Oliver plays directly into Harkness' hands when he tortures Klaus Markos, the man who designed the exploding boomerangs. He gets a phone, but it's a plant, which Harkness uses to locate the Arrow Cave. He attacks, critically wounding Lila, and Oliver blames himself for it. The violence and danger is new to Team Flash - most of the threats they face don't target the people they love. Caitlin, and to a lesser extent, Cisco, realize for the first time that what they are doing could be extremely dangerous. I hope that The Flash will explore some of those darker themes, but that they approach it with Barry's optimism instead of the moody darkness that Oliver does so well.
This whole crossover event is packed with comic book references. Cisco dubs Harkness "Captain Boomerang", his comic book alter-ego and an homage to the running joke of giving metahumans nicknames in The Flash. Even Captain Boomerang's five bombs gambit is a direct nod to the comic book source material. Putting multiple targets in jeopardy in order to counter the speedster is a classic tactic for villains facing The Flash. In DC: The New Frontier, Captain Cold used a similar stunt, but lied about the number of bombs, leaving The Flash chasing a nonexistent bomb (for a few moments, at least). Plus, the title of the episode, "The Brave and the Bold", is a direct reference to DC Comics' team-up title with the same name. It's been published on and off since 1955, beginning as a series where new characters could be given a try and later becoming a place for established characters to join forces. I've said it before, but Arrow continues to impress me with how well they execute these kinds of references to the comics without doing anything to alienate viewers who've never picked up an issue.
With Barry's help, Starling City is saved without Oliver needing to torture Harkness. As Oliver and The Arrow continue to slowly progress towards heroism this season, I expect we're going to see more and more of his descent into accepting violence as a necessary evil in his flashbacks. In Hong Kong, Oliver is still struggling to resist Amanda Waller's methods. I think we're going to see his resistance break in the past, while he starts to regain it in the present.

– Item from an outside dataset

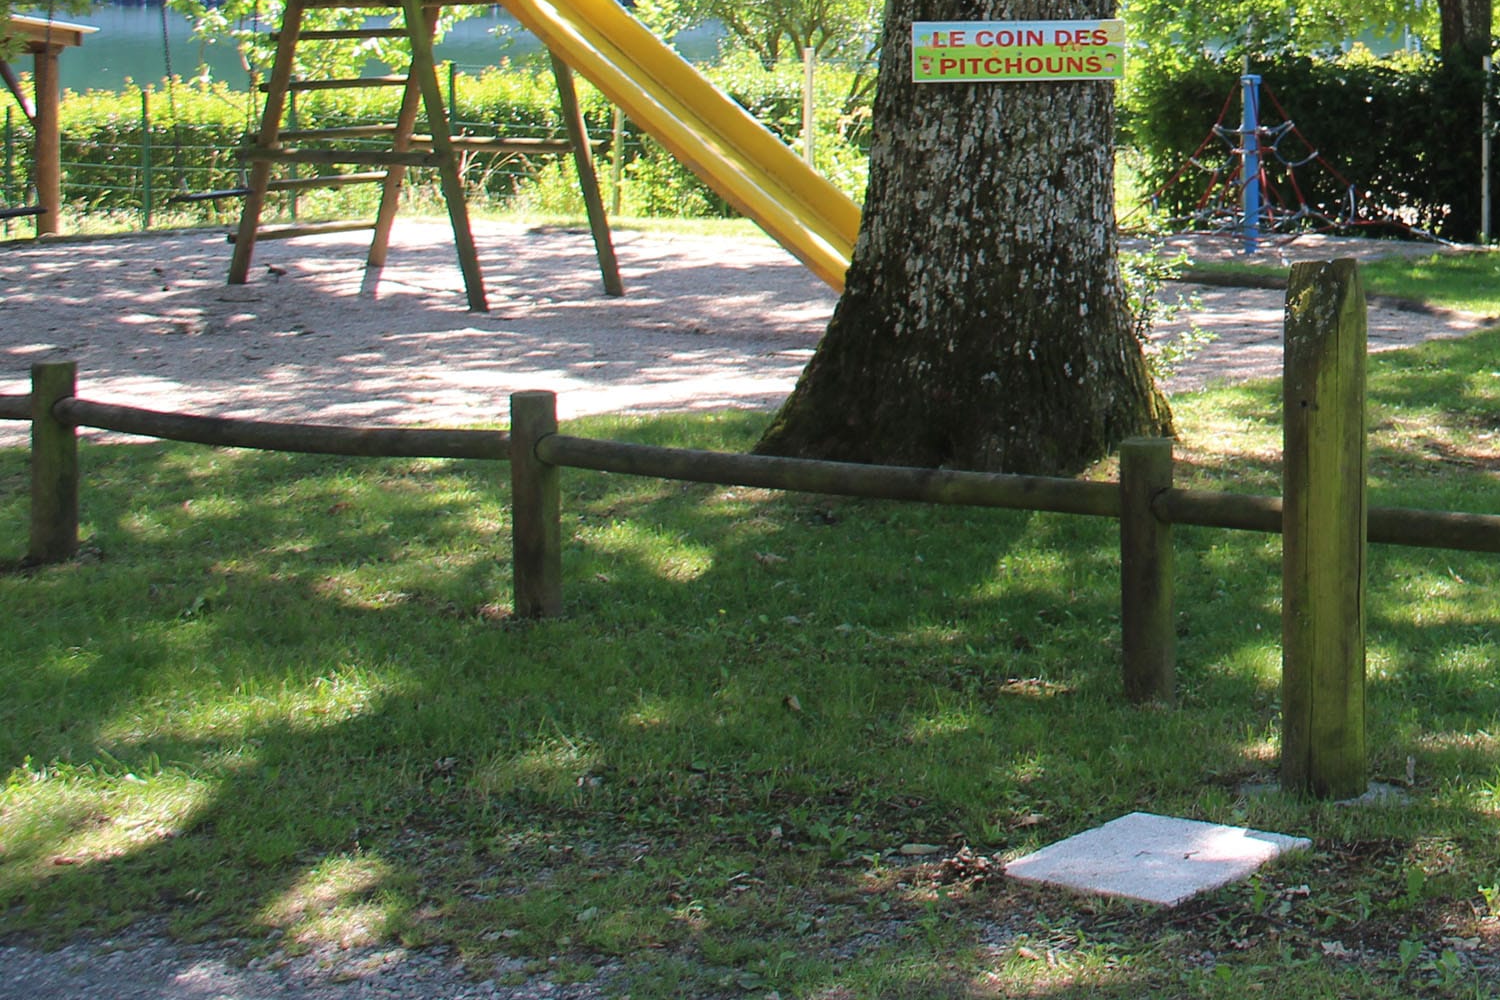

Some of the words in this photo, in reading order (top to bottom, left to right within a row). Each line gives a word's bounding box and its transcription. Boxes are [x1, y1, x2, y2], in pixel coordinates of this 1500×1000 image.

Laurel's still largely absent in this episode, showing up only briefly when Oliver and Barry meet with Quentin Lance. Laurel's development into the Black Canary will ramp up when the show returns from its winter break. Producer Andrew Kreisberg told The Hollywood Reporter last month that Laurel will be getting a lot of focus soon, saying, "Episodes 10, 11 and 12 are a three-part trilogy that are about her."
Also worth a mention is the final scene, with The Flash and Arrow fighting in the warehouse. That's a reference to Rocky III, a nice little nod to Barry's comment in the first half of the event, where he asked if they'd be training "like Rocky". I love it.
Next week, Arrow wraps up with its fall finale, "The Climb", before going on hiatus until the new year.
Bottom Line: "The Brave and the Bold" brings the heroic Flash to the darker world of Starling City, and he brightens up the place. The conclusion to the "Flash vs Arrow" two part event creates a lasting link between Team Arrow and Team Flash, and nudges Oliver just a bit further on his path from violent vigilante to inspiring hero.
Recommendation: Contrasting Oliver with Barry works perfectly, because they both take complementary paths to the same goal: doing good. If you haven't already been watching The Flash, now's the time to get caught up.